The pass rusher was especially invisible last season, starting just two games, failing to record a sack and finishing the year at just 227 pounds.
"It's not important," Mingo said, when asked how much he weighed, but the player's agent, Rick Roberts, told Reed that the former LSU star is up to 251 pounds after following an unorthodox training regimen.
In February, Mingo voyaged to suburban Dallas to train with Vickie Gates, a former world-class body builder of more than 20 years. Now 53, Gates has worked with a number of draft prospects and believed she could do the same for the Browns defender.

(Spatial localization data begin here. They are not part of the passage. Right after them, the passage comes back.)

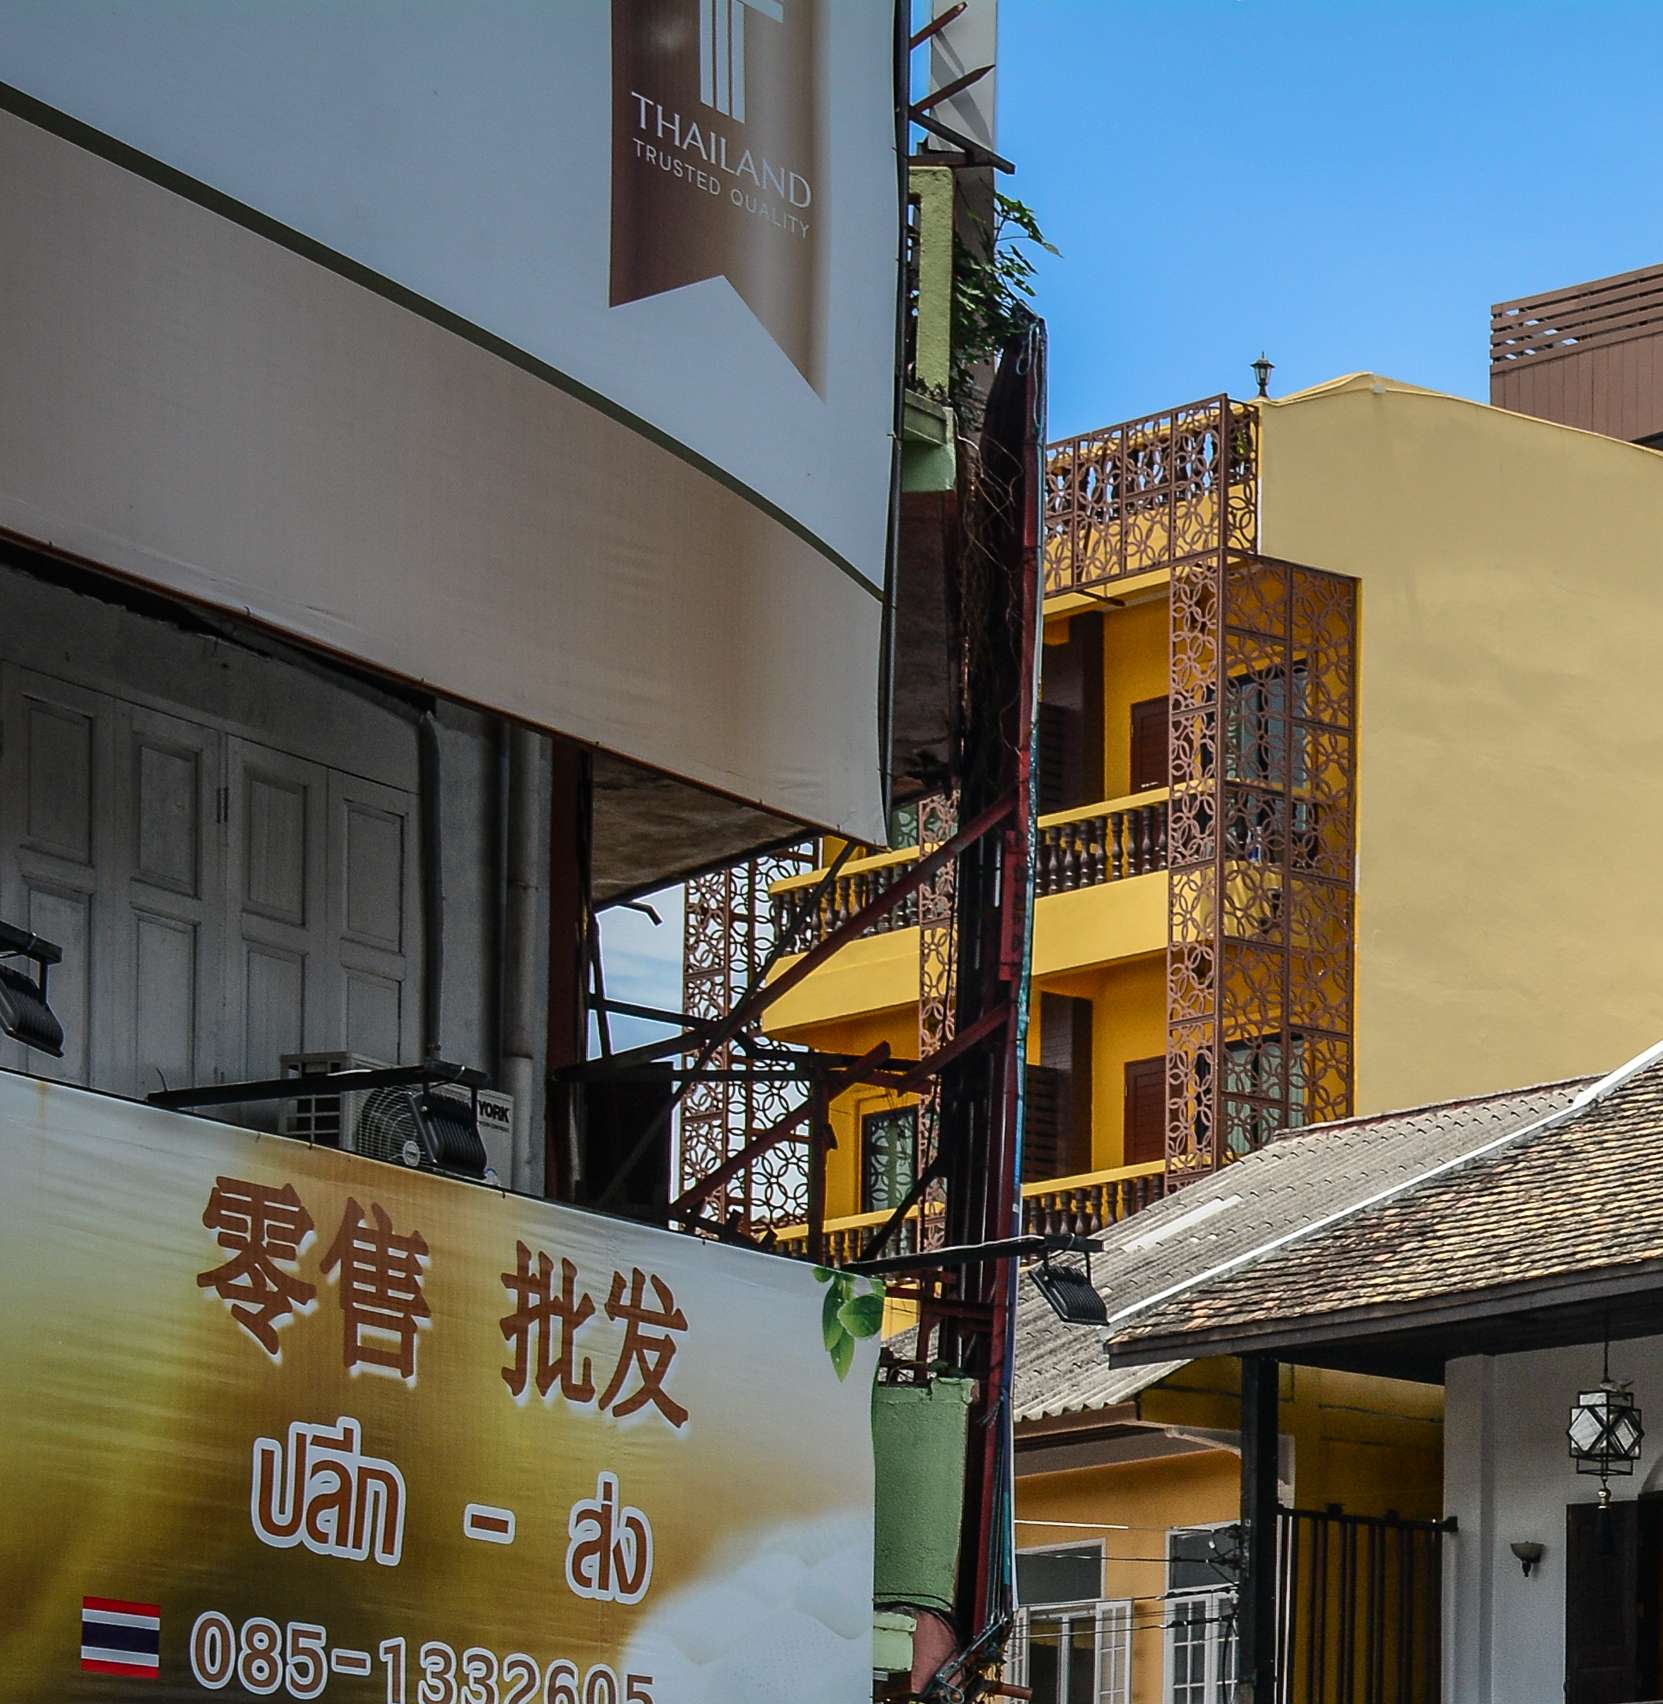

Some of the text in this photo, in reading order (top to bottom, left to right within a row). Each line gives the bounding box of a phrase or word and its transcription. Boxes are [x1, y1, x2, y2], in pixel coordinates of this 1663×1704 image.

[631, 90, 812, 209] THAILAND
[632, 137, 810, 239] TRUSTED QUALITY
[480, 1101, 510, 1123] YORK
[196, 1175, 690, 1428] 零售 批发
[252, 1417, 405, 1566] ปลีก
[566, 1472, 653, 1603] ส่ง

Moving Mingo into her home, the ex-body sculptor enlisted the pass rusher on a two-a-day regimen of cardio and weight training, while fueling him with a whopping 5,892 calories per day.
Between workouts, Gates had Mingo feast on a breakfast menu that, per Reed, "featured grits, biscuits, eggs, sausage and the occasional pancake. Lunches and dinners consisted of combinations of baked potatoes, rice, chicken, beef, lasagna and a vegetable."
In between meals, Mingo ate peanut butter sandwiches and also helped Gates' grandchildren with their homework.
"He's a very easy-going person," said Gates. "He made it work. He ate what he was supposed to eat. He made my job very easy."
Mingo's agent was stunned with the results, saying: "When I saw it, I almost had a heart attack. I couldn't believe the difference."
Said Mingo: "Honestly, this whole offseason my main focus was getting bigger. Bigger, faster, stronger, and just coming into the building, coming into the workouts bigger, faster, stronger."
After being dangled as trade bait last year, Mingo is hoping the weight gain will help recharge a career that could see him playing elsewhere in 2017 if he doesn't turn it on come September. He's certainly done the work to make that happen.